## [TASK BRIEF]
Leave out the pictures and transcribe the rest of the records exactly.

-------- SUPPLIED MATERIAL --------

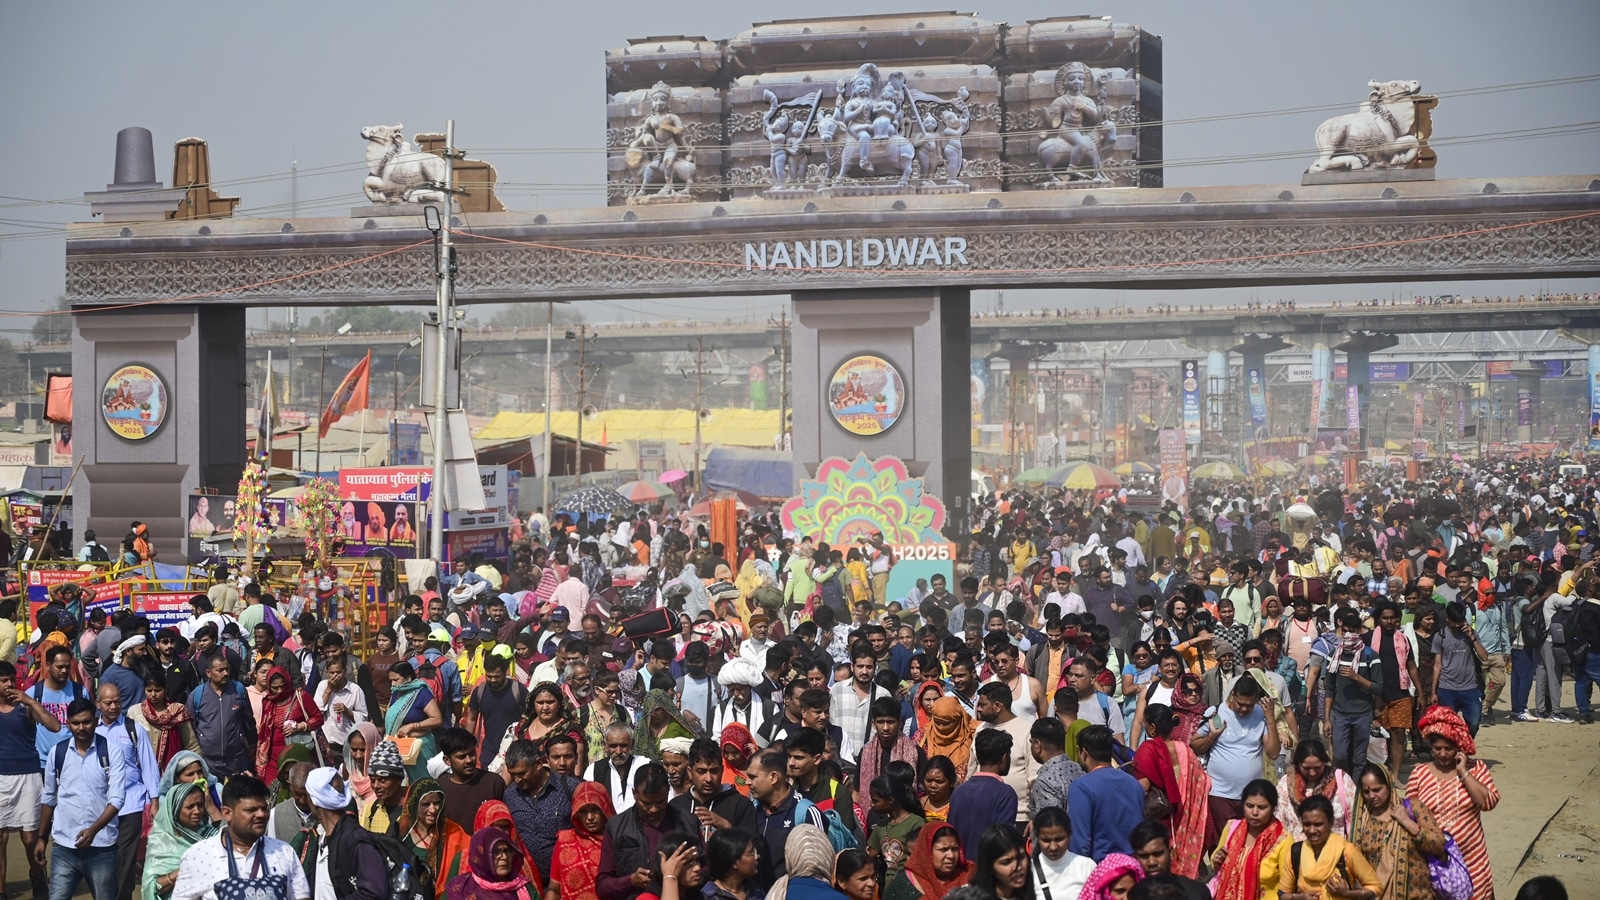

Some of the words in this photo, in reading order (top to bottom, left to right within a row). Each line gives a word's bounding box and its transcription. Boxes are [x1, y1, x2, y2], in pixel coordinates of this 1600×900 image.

[745, 239, 853, 271] NANDI
[862, 236, 969, 266] DWAR
[856, 422, 878, 430] 2025
[345, 475, 388, 485] यातायात
[389, 472, 418, 488] पुलिस

--------

## [TASK RESULT]
Some of the words in this photo, in reading order (top to bottom, left to right within a row). Each line gives a word's bounding box and its transcription. Boxes are [x1, y1, x2, y2], in pixel coordinates of this 1600×900 image.

[745, 239, 853, 271] NANDI
[862, 236, 969, 266] DWAR
[856, 422, 878, 430] 2025
[345, 475, 388, 485] यातायात
[389, 472, 418, 488] पुलिस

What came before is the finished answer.